Five patients with systemic lupus erythematosus (SLE) in China have been treated with a potentially groundbreaking form of chimeric antigen receptor (CAR) T-cell therapy, researchers reported, with encouraging results after 3 months.

Their approach differs from previous applications of CAR T-cell therapy in autoimmune diseases, in which patients' T cells are harvested and transformed ex vivo to destroy B cells and thereby "reset" the immune system. Instead, according to Zhu Chen, MD, of the First Affiliated Hospital of the University of Science and Technology of China in Hefei, and colleagues, patients are dosed with lipid nanoparticles carrying messenger RNA nucleotides that do the transformation in vivo.

Chen's group reported short-term results for the five patients in a New England Journal of Medicine correspondence.

Notably, the team included Georg Schett, MD, of Friedrich-Alexander University in Erlangen, Germany, who has led the charge in applying CAR T-cell therapy to autoimmune disorders. This new approach is not just about convenience; it also spares patients from undergoing a conditioning regimen with harsh chemotherapy drugs.

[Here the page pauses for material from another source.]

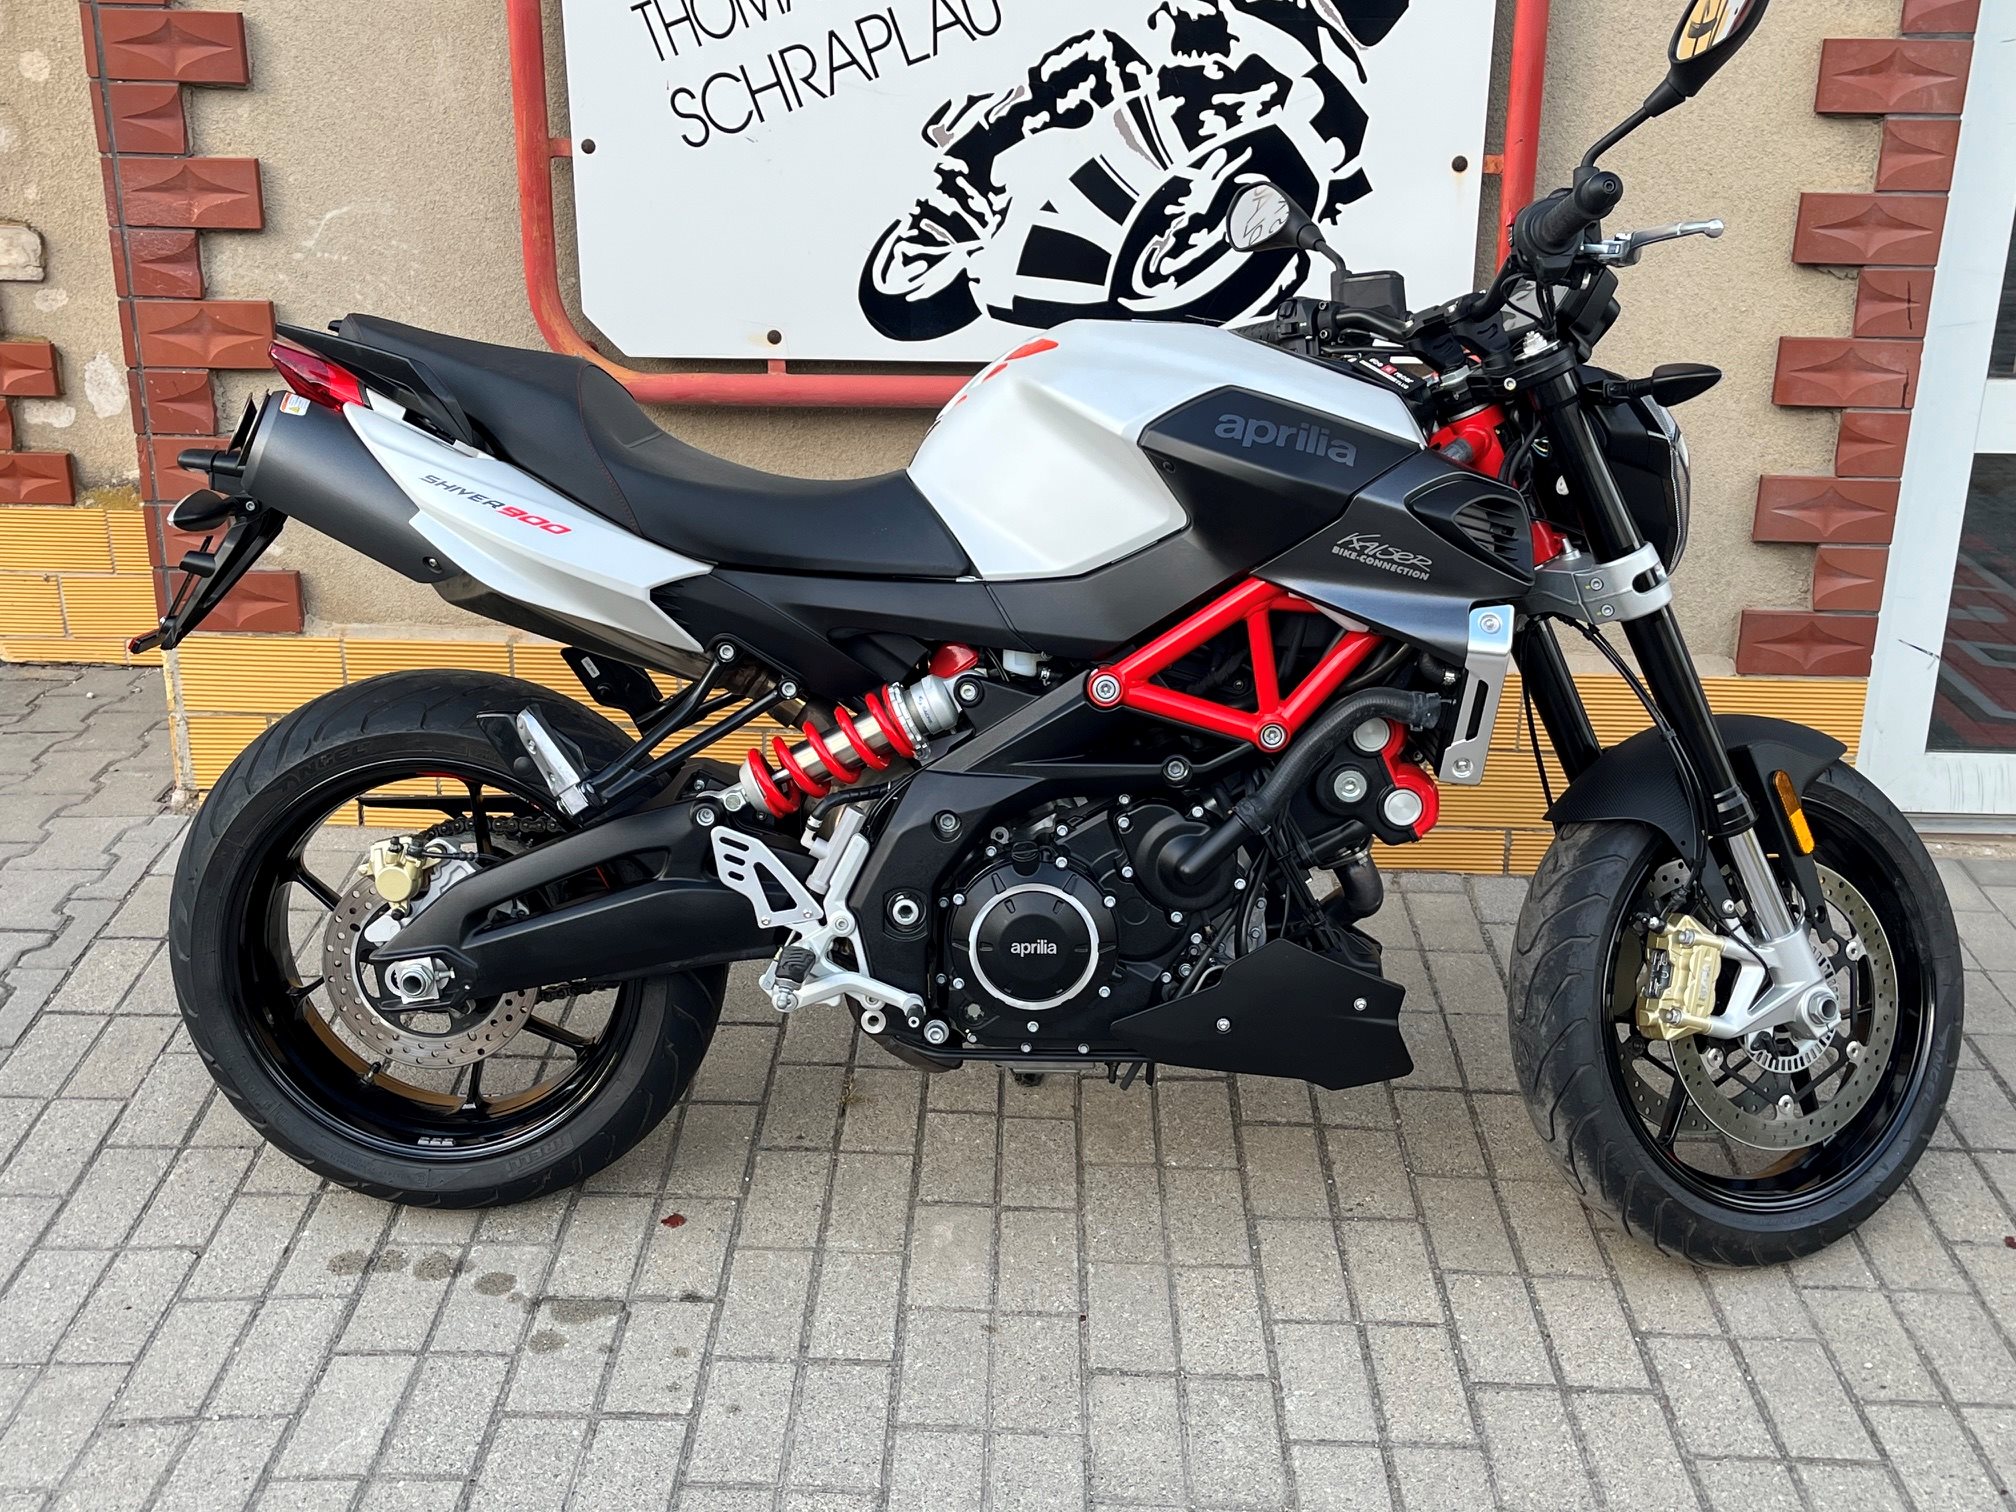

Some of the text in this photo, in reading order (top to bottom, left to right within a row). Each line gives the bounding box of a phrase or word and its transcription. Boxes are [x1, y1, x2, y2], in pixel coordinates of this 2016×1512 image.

All patients in the Chinese study still had active lupus despite multiple standard therapies, including telitacicept (a fusion protein blocking both BLyS and APRIL, which help drive lupus; it's not approved in the U.S.) in four patients, one of whom also received belimumab (Benlysta). Patients ranged in age from 31 to 46, and all were women.

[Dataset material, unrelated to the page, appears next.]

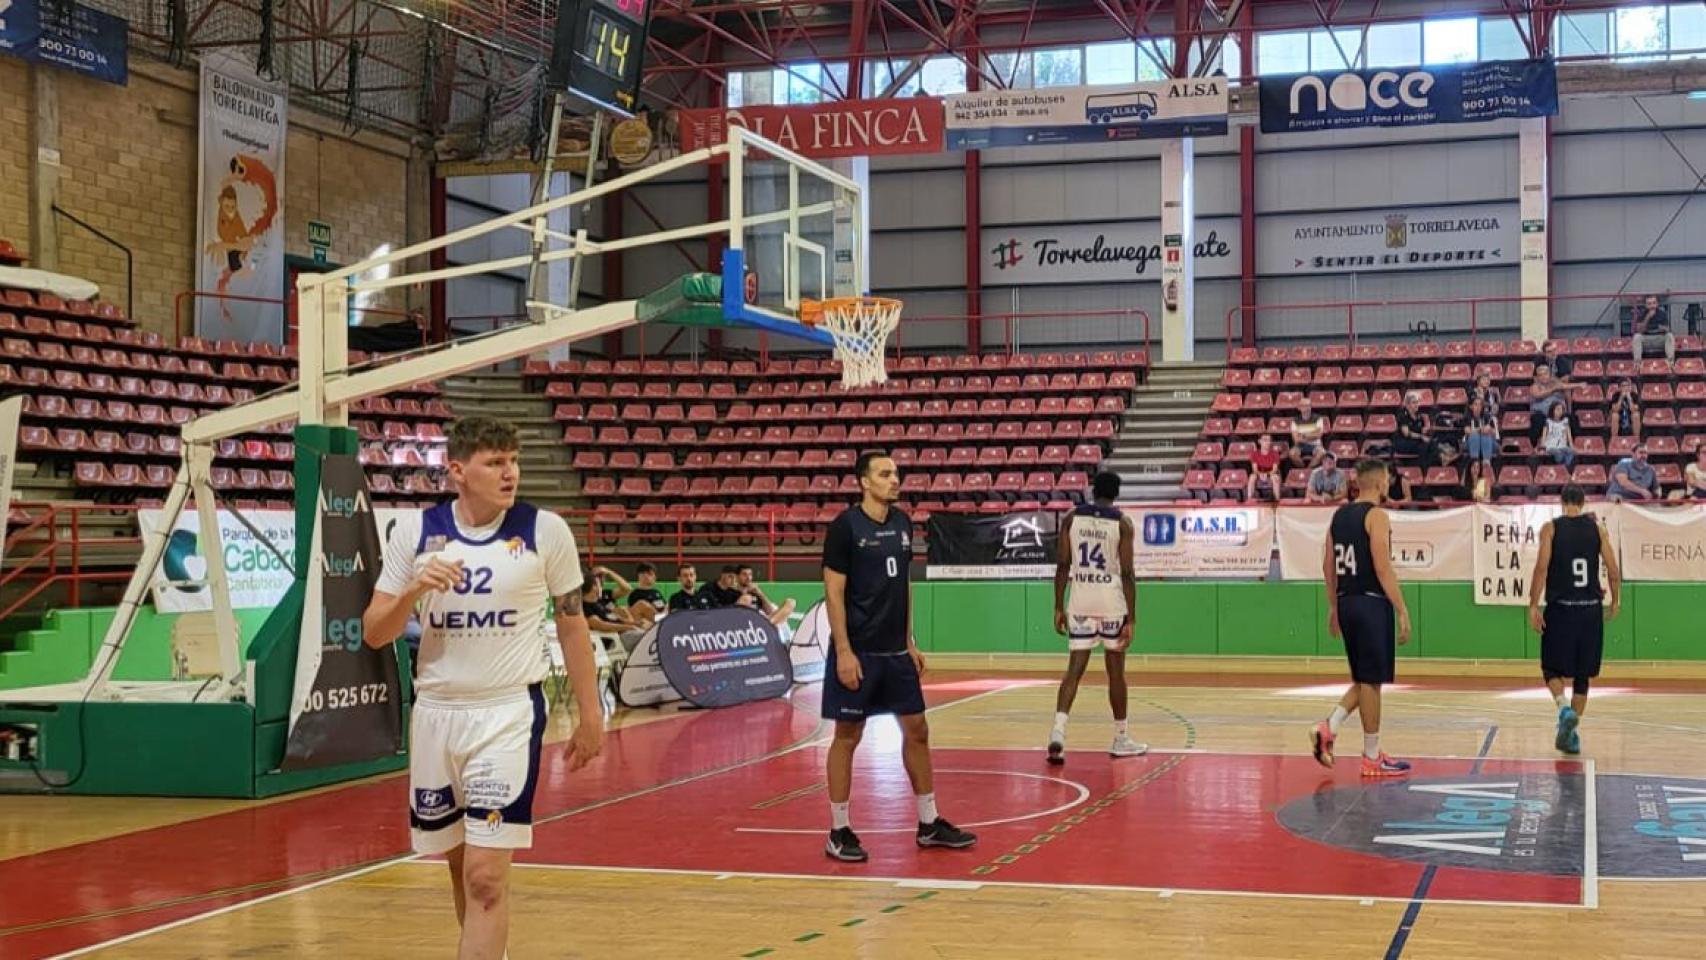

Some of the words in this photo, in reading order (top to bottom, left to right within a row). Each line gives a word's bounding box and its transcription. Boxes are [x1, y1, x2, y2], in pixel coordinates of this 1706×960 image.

Several dosing regimens were tested. The first patient received a single dose of 2 mg; the second got two doses, 2 days apart. The next three patients were given two or three 4-mg doses, each also 2 days apart.

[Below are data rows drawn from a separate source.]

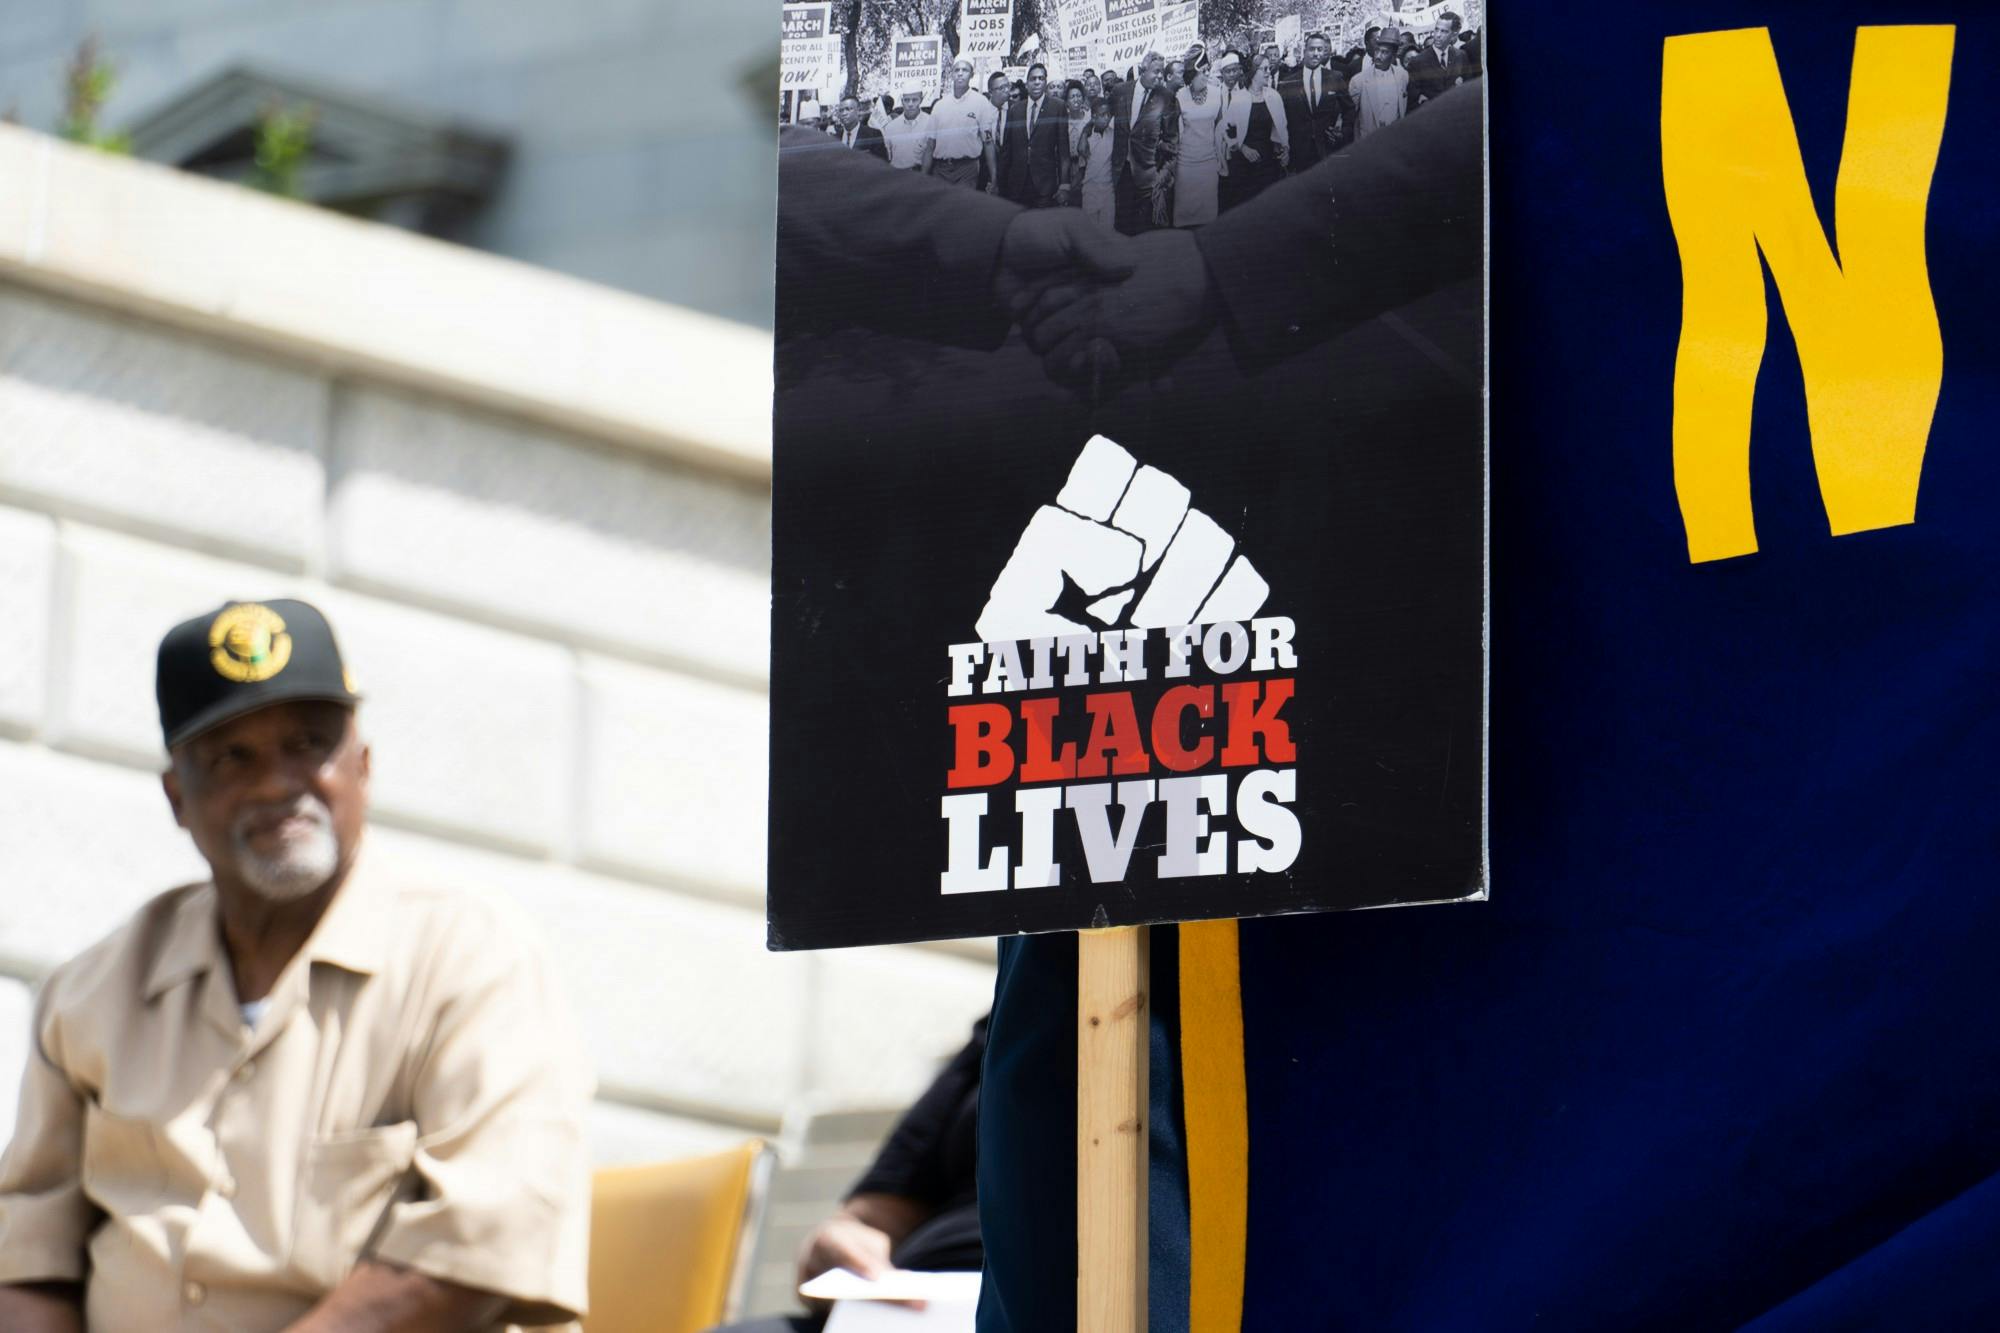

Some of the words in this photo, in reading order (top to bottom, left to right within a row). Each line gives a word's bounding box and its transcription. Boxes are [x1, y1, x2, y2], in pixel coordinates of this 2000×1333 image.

[791, 11, 808, 20] WE
[969, 18, 1005, 30] JOBS
[1107, 20, 1129, 34] FIRST
[1131, 13, 1156, 28] CLASS
[1106, 24, 1158, 45] CITIZENSHIP
[967, 39, 1006, 52] NOW!
[898, 49, 936, 61] MARCH
[894, 67, 938, 79] INTEGRATED
[894, 79, 937, 90] SCOLS
[1661, 24, 1956, 564] N
[947, 631, 1148, 697] FAITH
[1164, 616, 1298, 679] FOR
[947, 678, 1297, 789] BLACK
[940, 769, 1302, 895] LIVES

Within hours of administration, Chen and colleagues said, patients' B-cell counts declined sharply with the lower dose, and fell to zero with 4 mg, with repopulation starting 7-10 days after the final doses. Biomarkers of SLE including anti-nucleosome and anti-double-stranded DNA antibodies also decreased markedly, the researchers said.

Clinical results were spottier. Chen and colleagues tracked SLE Disease Activity Index (SLEDAI) values from pretreatment baseline through 3 months. The first patient, who got just one 2-mg dose, showed only a 2-point decrease from an initial score of 8. Response was also minimal in patient 5, who received three 4-mg doses.

The other three patients did better. Patient 4, whose baseline SLEDAI score of 22 was the highest of the cohort, saw a decrease down to just 2. Patients 2 and 3 also improved considerably.

One concern with the in vivo transformation was off-target uptake and expression of the CAR protein, but this was uncommon, the researchers said, occurring at a rate of less than 10%. The chief adverse effect was cytokine release syndrome, which is also seen with conventional CAR T-cell therapy. It developed in all patients but only at grade 1 in four and grade 2 in the fifth. Three cases were treated with the interleukin-6 inhibitor tocilizumab (Actemra) because this cytokine was prominent. Lymphocytes decreased but the researchers were less concerned because it reflected the treatment's efficacy.

This being a first-in-humans trial with limited follow-up, Chen and colleagues wrote that "more data are necessary to determine the durability and the appropriate dose and treatment schedule ... to achieve long-term remission."

Source Reference: Wang Q, et al "In vivo CD19 CAR T-cell therapy for refractory systemic lupus erythematosus" N Engl J Med 2025; DOI: 10.1056/NEJMc2509522.